José Cordeiro admite que o clero e os responsáveis eclesiásticos terão de preparar “uma catequese” para fazer entender as novas limitações – por exemplo, o facto de não se poder ir a Fátima em peregrinações, quer no 13 de Maio, quer nos meses seguintes (antes de Julho ou Agosto isso não deverá poder acontecer). Mas o “factor medo também é importante” neste contexto, admite, pois já houve pessoas a confessar-lhe que adiarão o regresso à igreja. “Ninguém estava preparado para isto…”

 

Igrejas com senhas à porta?

O padre José Manuel Pereira de Almeida, pároco de Santa Isabel (centro de Lisboa), não tem dúvidas sobre a solução que deveria ser adoptada: “Poderíamos abrir as igrejas se tivéssemos possibilidade de dar senhas às pessoas ou ter lugares pré-marcados”, ironiza.

Como não é essa a situação, Pereira de Almeida parte da sua formação de médico – é especialista em anatomia patológica – para dizer que “a ideia da prudência” deveria prevalecer ainda mais algum tempo. Também pode depender das zonas, admite. “Por exemplo, em Viseu há menos casos, eventualmente poderão abrir.”

De resto, a prudência deveria aconselhar a só poder abrir a igreja com uma de duas situações: ou há poucas pessoas na igreja ou a área do lugar de culto permite que elas fiquem distantes umas das outras. Ainda mais porque a Igreja Católica se antecipou nas regras de prudência (foram aconselhadas uma série de normas de precaução, antes mesmo de ser decretado o estado de emergência), recorda, e não deveria agora estragar o trabalho feito.

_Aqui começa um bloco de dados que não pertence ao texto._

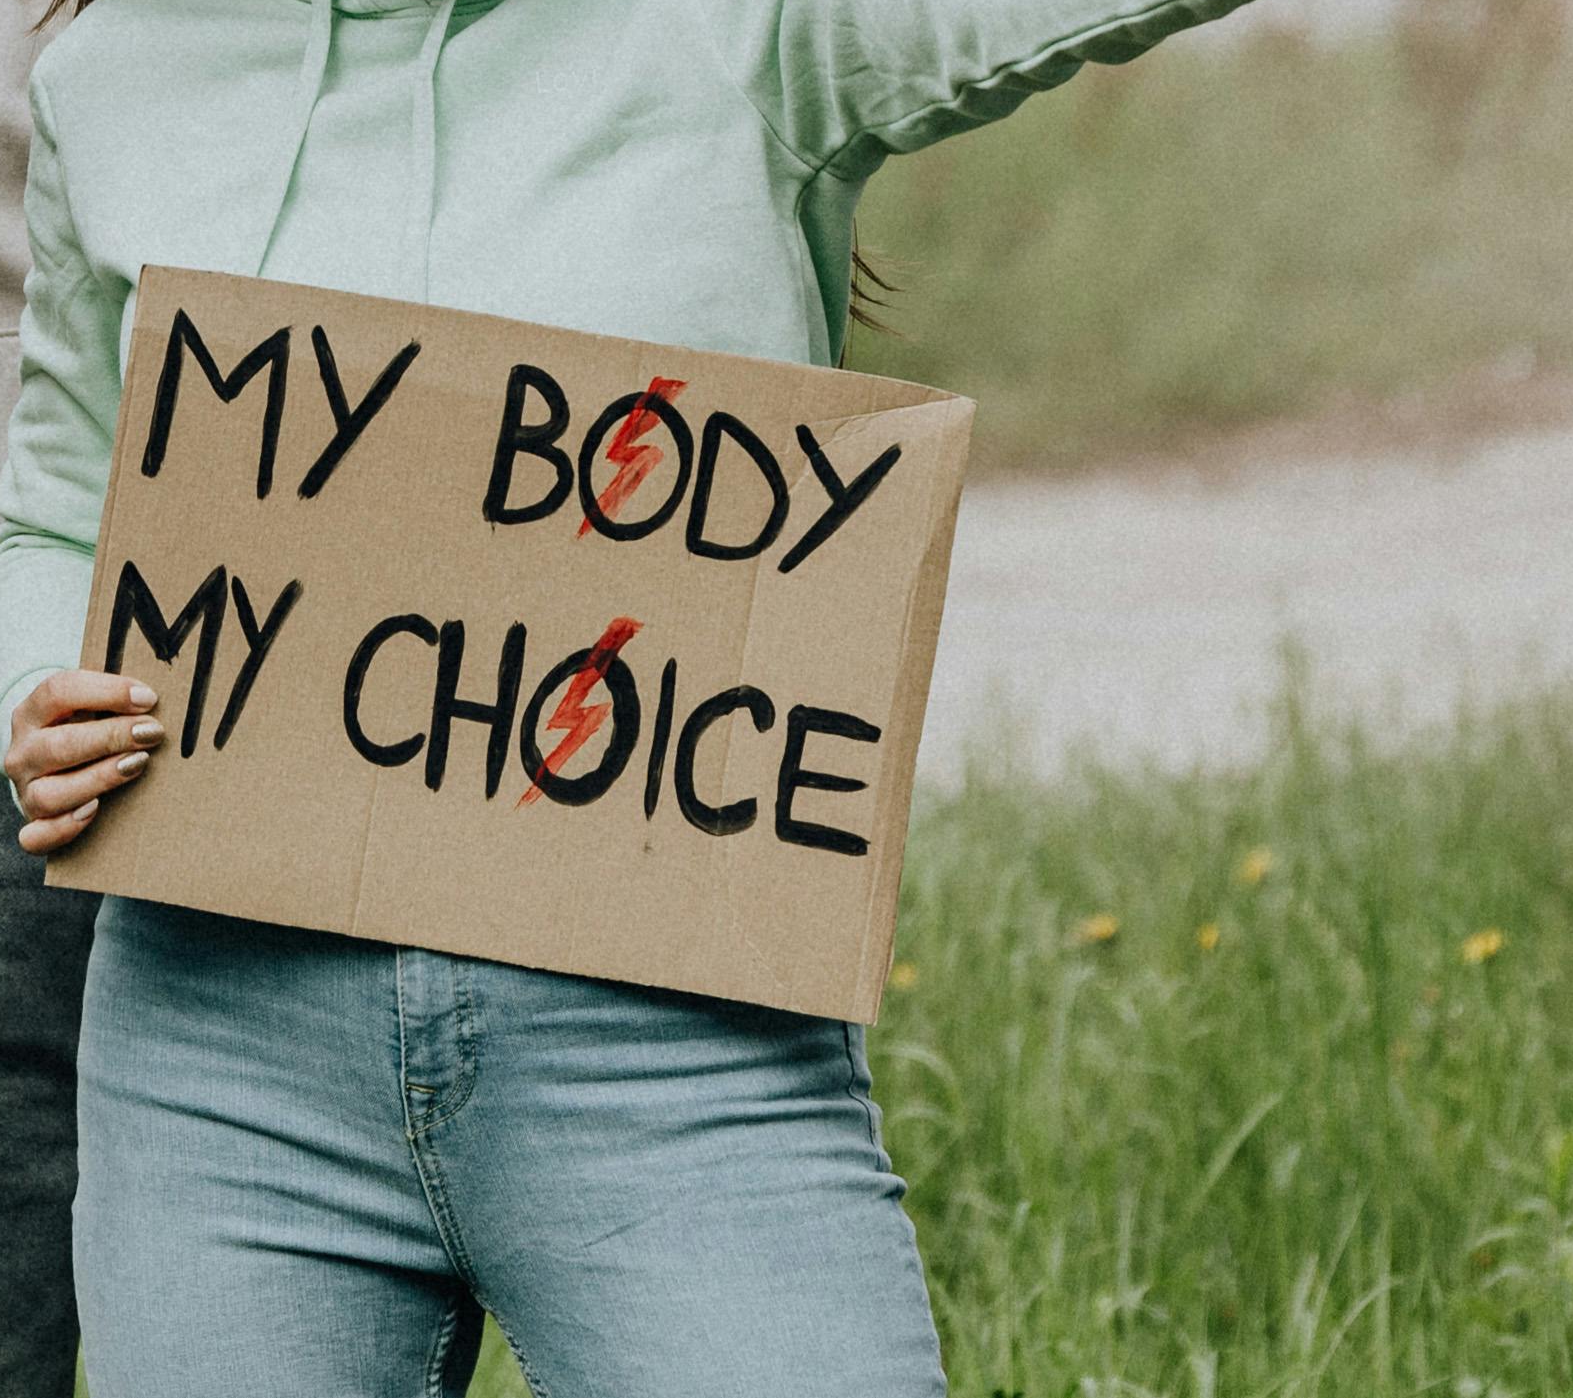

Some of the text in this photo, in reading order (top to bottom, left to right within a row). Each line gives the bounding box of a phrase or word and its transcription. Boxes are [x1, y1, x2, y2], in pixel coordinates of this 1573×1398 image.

O bispo de Setúbal , D. José Ornelas, também coloca o acento no “bom senso” e no acatamento das “normas de preservação da saúde pública”. Mas, por outro lado, não vai tão longe quanto Pereira de Almeida: “Ir à igreja também não é um hobby, para um crente. E se tenho necessidade de ir ao supermercado e farmácia, também tenho necessidades espirituais”.

De qualquer modo, José Ornelas insiste no difícil fio da navalha – ou quadratura do círculo: “Tudo isto tem de ser acautelado, não posso ter tudo ao mesmo tempo. Devo aceitar limitações, pois mesmo o direito à mobilidade também não poder ser entendido de forma absoluta”, acrescenta.

Em abono da sua tese de que a situação não se pode prolongar por muito mais tempo, o bispo de Setúbal diz que, na realidade, muitas igrejas se mantiveram abertas, algumas horas por dia, para que as pessoas pudessem entrar e rezar. “A Igreja não fechou”, diz.

Igreja matriz das Areias. Ferreira do Zêzere Igreja matriz das Areias, Ferreira do Zêzere: “A Igreja não fechou”, mas a reabertura para as celebrações comunitárias estarão sujeitas a muitas regras de segurança. Foto © Arlindo Homem

 

“As pessoas mais frágeis são também as que sentem mais essa fragilidade”, defende. Retomar as celebrações comunitárias, com cautelas, pode ser uma maneira de aquelas pessoas voltarem a uma vida mais normal. E, acrescenta, nisso concordando com o seu colega de Bragança, também não irá toda a gente a correr para as igrejas, mal essa possibilidade volte a surgir. Mas “qualquer que seja a decisão, não se pode brincar com a saúde das pessoas”.

O bispo de Aveiro, António Moiteiro, também está de acordo que não se pode “abrir as igrejas sem mais”. E apresenta algumas ideias para contornar os problemas: missas ao ar livre, a multiplicação das celebrações, ter os espaços desinfectados e ser obrigatório o uso da máscara.

Em Fátima, os responsáveis do santuário estão a trabalhar com base em dois cenários: o de as igrejas poderem abrir, ainda que com limitações, na próxima segunda-feira, 4 de Maio; e a manutenção das celebrações de 12-13 (e mesmo nos próximos meses) sem peregrinos.

 

Os conselhos do Papa e o bispo contra a “ditadura”

O regresso à “normalidade” nas igrejas e a forma como este será concretizado é um tema que tem gerado polémica um pouco por toda a Europa. Na Itália, o Governo de Giuseppe Conte apresentou no domingo, 26 de Abril, o plano de flexibilização de algumas normas de combate à pandemia. Tal como acontece em Portugal, este deverá entrar em vigor a partir de 4 de Maio e inclui a reabertura de fábricas e parques, permite a realização de funerais, mas mantém a proibição de celebrações com a participação de fiéis.